Nos últimos anos, alguns pesquisadores da área de ensino de ciências têm se preocupado em oferecer algumas alternativas educacionais que visam superar a crise instaurada no atual cenário. Uma dessas alternativas é a inserção de tópicos da história da ciência, defendida por vários acadêmicos, tais como Silva et al (2008) Gatti, Nardi e Dirceu (2010), Praxedes e Peduzzi (2009), Bernardes e Santos (2009), Quintal e Guerra (2009), entre outros. Para Mathews (1994, p.72 apud Silva et al, 2008, p. 499), a história da ciência pode:
humanizar as ciências e aproximá-las mais dos interesses pessoais, éticos, culturais e políticos; tornar as aulas mais estimulantes e reflexivas, incrementando a capacidade do pensamento crítico; contribuir para uma compreensão maior dos conteúdos científicos, ...; melhorar a formação dos professores contribuindo para o desenvolvimento de uma epistemologia da ciência mais rica e mais autêntica, isto é, a um melhor conhecimento da estrutura de ciência e seu lugar no marco intelectual das coisas.
Nesse sentido, a abordagem histórica da ciência pode contribuir para a desmistificação do desenvolvimento científico, que, para muitos, ainda é visto como algo praticado por seres superiores e completamente isolado do contexto social em que está inserido o cientista. Assim, a presença da história da ciência nas salas de aula pode ajudar a mudar a percepção pública da ciência, além de contribuir para a formação de cidadãos críticos, o que é um aspecto primordial na educação (Silva et al, 2008).

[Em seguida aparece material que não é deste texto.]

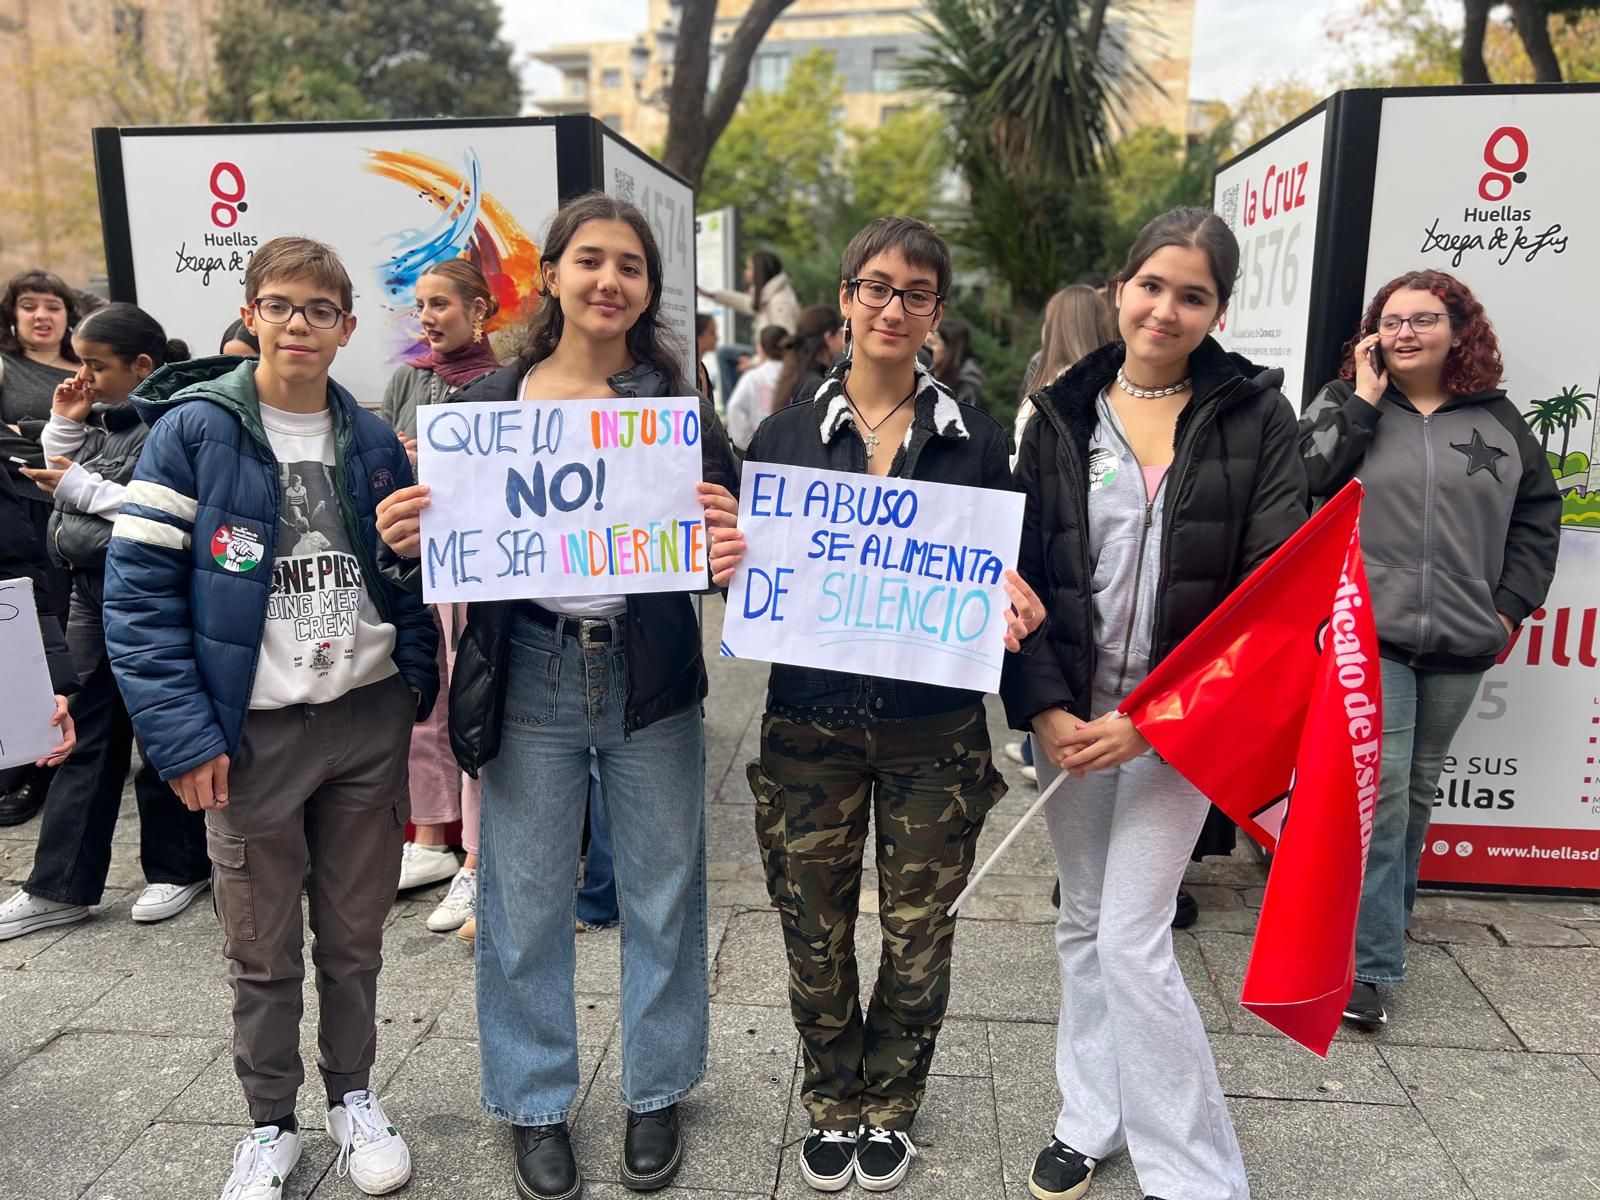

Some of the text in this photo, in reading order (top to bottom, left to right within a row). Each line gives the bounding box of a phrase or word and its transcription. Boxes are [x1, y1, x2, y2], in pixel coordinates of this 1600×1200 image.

Uma das maneiras de se levar a história da ciência para a sala de aula é colocar o aluno em contato com a biografia do cientista. Os episódios históricos, geralmente narrados nas biografias dos cientistas, evidentemente podem ocupar um lugar no processo educativo. No entanto, devem ser caracterizados e inseridos num contexto mais amplo da análise histórica (Da Silva Carneiro; Gastal, 2005). É importante que se tenha como objetivos que os aprendizes consigam compreender que o trabalho do cientista está relacionado ao contexto social em que vive, e que o desenvolvimento da ciência não é refém da genialidade isolada de alguns cientistas.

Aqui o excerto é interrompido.